All About ... Online movie services

We've come a long way since the video rental days. Alasdair Reid reports.

FilmFlex... HMV partnership
FilmFlex... HMV partnership

Are you sitting comfortably? Then we'll begin. Or ... will we? We all love to spot a trending phase in the digital entertainment revolution - and, in the past few weeks, one such new wave has been building momentum.

Sadly, though (as with so many previous instalments of the revolution), participants in this newest wave are a little bit vague about whether they'll make headway as regards the only screen that, in the long run, really matters - the expensive HD Bravia or Viera you have facing your comfiest sofa.

Last week, HMV announced that, as an antidote to a slump in its in-store DVD sales, it had formed a partnership with FilmFlex to launch an online "movie rental" service. It's in good company. LoveFilm added online rental to its postal DVD rental business in 2010; then, earlier this year, YouTube, which has traditionally focused on low-quality short-form content, launched a film rental site; and more recently, the US operator Netflix announced it was coming to the UK in 2012.

You have to admire the acts of faith involved here - because none of these services really make sense until we all begin connecting our TV sets to the internet. And going right back to (say) the launch of Windows 98, the new economy's attempts to break into our living rooms have been plagued by bad luck.

It didn't help that some New Economy theorists argued (up until relatively recently) that this didn't matter. They'd spend too much time listening to the likes of the US sociologist Clay Shirky - who'd been quick to announce the death of conventional viewing habits - and not enough time analysing the exponential sales graph for flat-screen televisions and home cinema systems.

These HD screens are not routinely connected to the internet - though if you have more recent Sony and Samsung sets (or an Xbox or PlayStation 3 box, come to that), it's becoming an easier proposition. However, it's not yet a mainstream phenomenon - and it won't be by tomorrow, either.

LoveFilm, arguably the best-known company in this space, has built a rather fine business based on the efforts of that somewhat discredited heritage delivery system: the postie. There's an existing online rental market for PC and tablet users, obviously. Unfortunately, though, the sorts of people who watch movies on laptops in their bedsits are exactly the sorts of people most likely to steal them with the help of piracy websites.

So, in short, you could argue that, for as long as the internet remains disconnected from the living room, these new rental businesses are destined to be somewhat peripheral.

1. HMV's partner in hmvon- demand is FilmFlex, which is itself a joint venture between Sony Pictures Television and The Walt Disney Company. The new operation will offer online rental of titles from 30 distributors. FilmFlex also operates in partnership with Virgin Media to run its Online Movies service; and works with Channel 4 on the video-on-demand side of Film4.
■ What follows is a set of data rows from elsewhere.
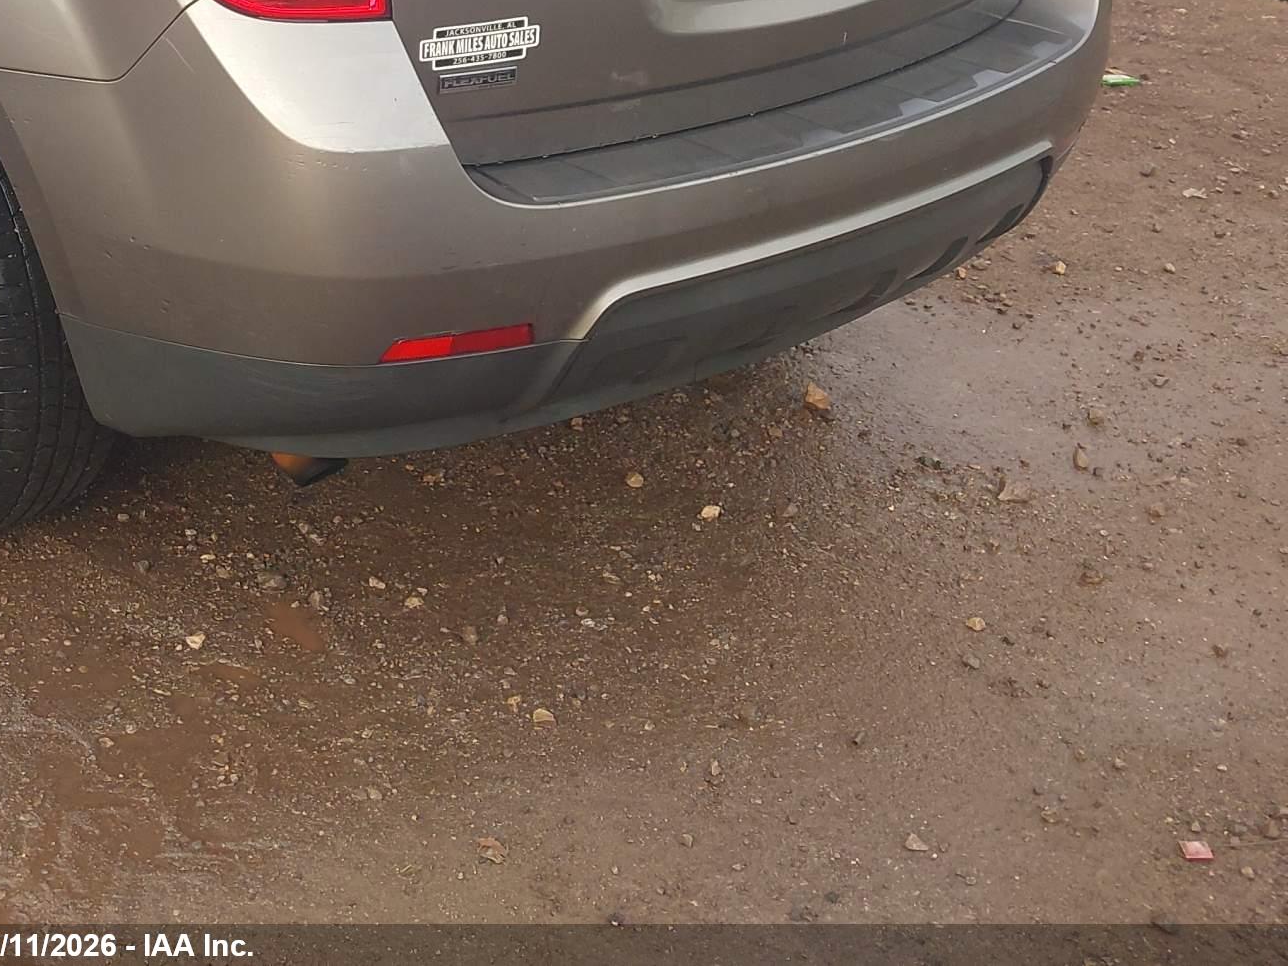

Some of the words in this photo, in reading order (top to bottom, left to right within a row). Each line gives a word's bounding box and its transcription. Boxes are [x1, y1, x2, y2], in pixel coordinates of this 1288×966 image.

[423, 40, 455, 58] FRANK
[456, 37, 484, 54] MILES
[484, 34, 508, 50] AUTO
[509, 28, 536, 46] SALES
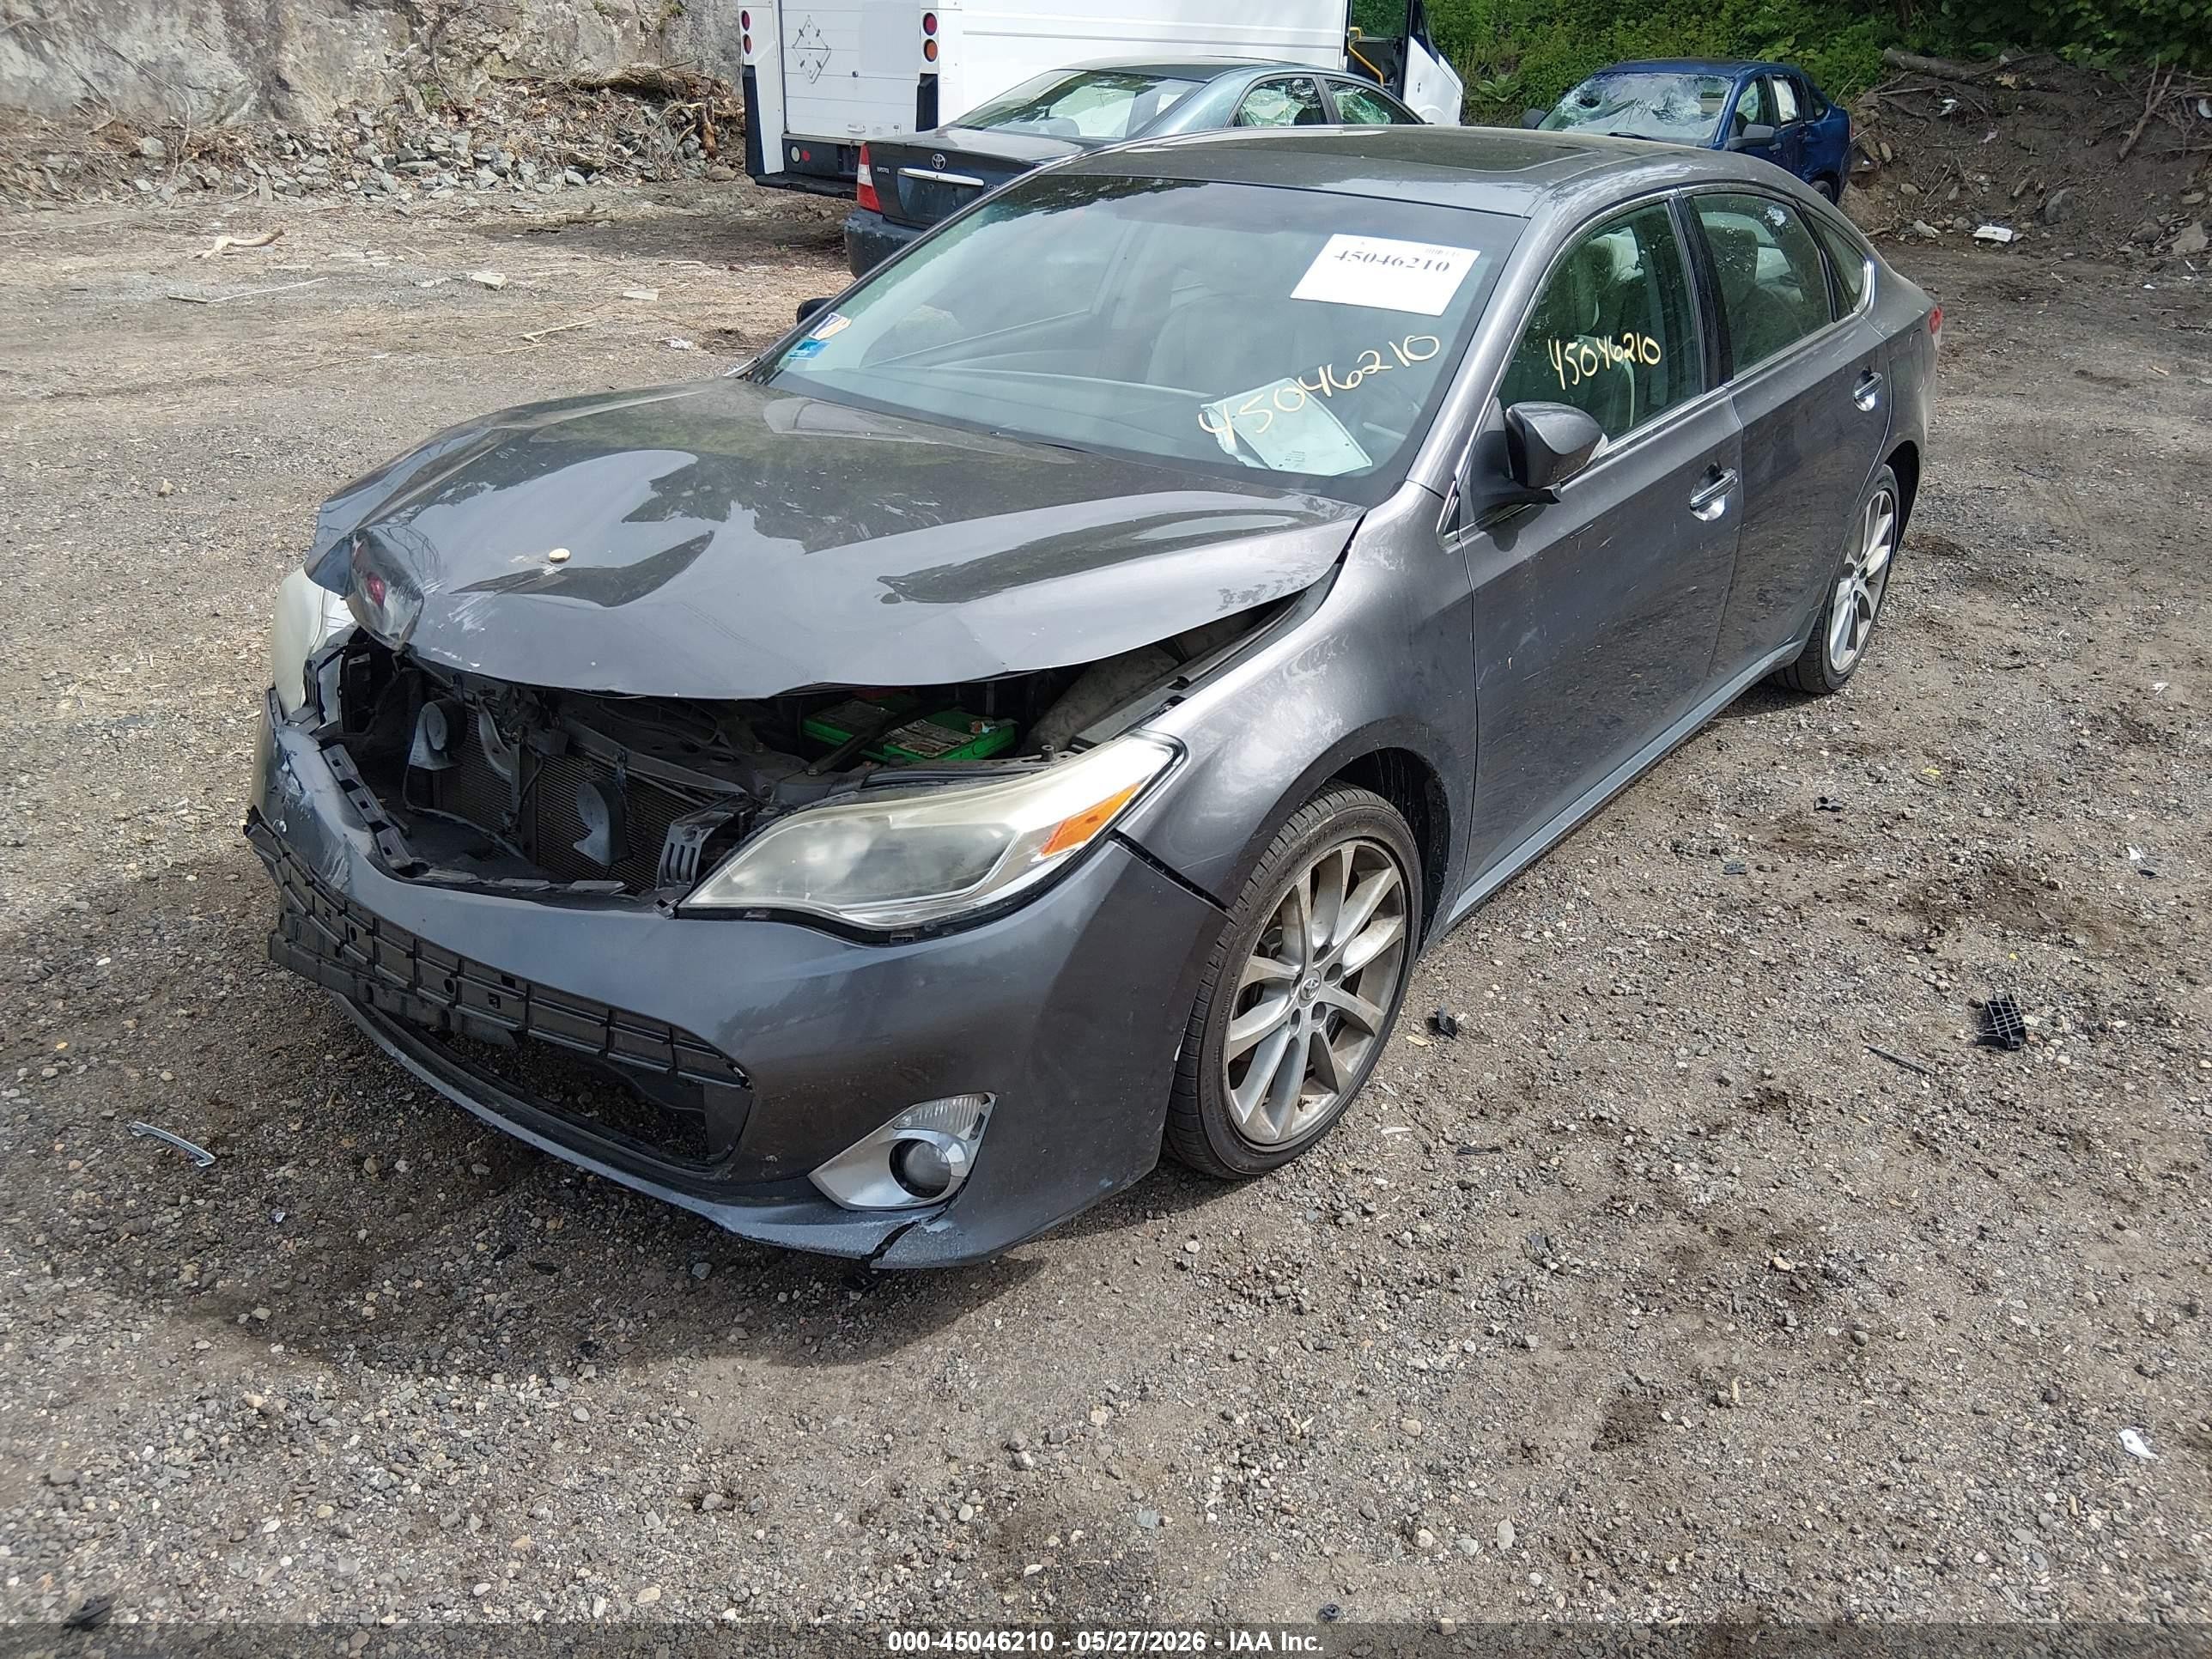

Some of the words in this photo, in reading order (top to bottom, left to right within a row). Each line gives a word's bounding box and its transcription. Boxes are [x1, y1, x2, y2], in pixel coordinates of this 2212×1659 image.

[1334, 249, 1450, 272] 45046210
[1197, 334, 1441, 447] 45046210
[1547, 331, 1662, 391] 45046210
2. The best known "heritage" film rental business is Blockbuster. Although it has evolved its website over the past decade to encourage online ordering, it has continued to focus on physical DVD rental, either through the post or from its stores. It is launching an online streaming service next year.

3. But LoveFilm, its more youthful challenger in the DVD postal rental business, beat it to the punch with the launch of its streaming service in March 2010. In January 2011, LoveFilm was acquired by the online retail powerhouse Amazon - a move that many felt signalled the likelihood that this market was ready to take off.

4. Tesco acquired an 80 per cent stake in one of the pioneers in the online rental business, Blinkbox, in April. Tesco also has its own generic DVD rental business at

5. But the most aggressive entrant to this newly coalescing market is likely to be Netflix, the US online rental market's leading player, which is launching in the UK during the first quarter of 2012. Last month, LoveFilm signalled a lack of confidence in its ability to fend off Netflix when it paid to ensure that it comes first, above Netflix, when you enter Netflix as a Google search term. This sort of marketing sharp practice is rarely, if ever, a good idea.



- Lots of choice, clearly. But, equally, lots of confusion.


- BSkyB, historically a pioneering company in the commercial digital distribution of premium audiovisual content, might love all this activity. Because, of course, Sky is currently being investigated by the Competition Commission for its supposed dominance of the pay-TV movie business.

- New services, it will argue, show that the reality is otherwise. In the meantime, it takes heart from the fact that the new entrants will struggle to offer better-quality pictures to Britain's living rooms, even the homes with all the gear - because the internet is an inherently inferior delivery platform. Sky's satellite-delivered HD (with broadband as the return loop) is the gold standard in on-demand entertainment. But if people are prepared to trade down to broadband rental, Sky is well-placed to compete there too.

- Meanwhile, tellingly, many of the new entrants jostling for position describe themselves as "technology companies". As such, they will almost certainly struggle to make headway. Technology is, of course, the name people tend to use for stuff that doesn't quite work properly yet; and "technology companies" are notorious for their open contempt for their customers.

- In fact, this arguably gives LoveFilm an edge. Amazon has revolutionised retail precisely because it has never postured as a technology company - its success is built on focusing unashamedly on the consumer.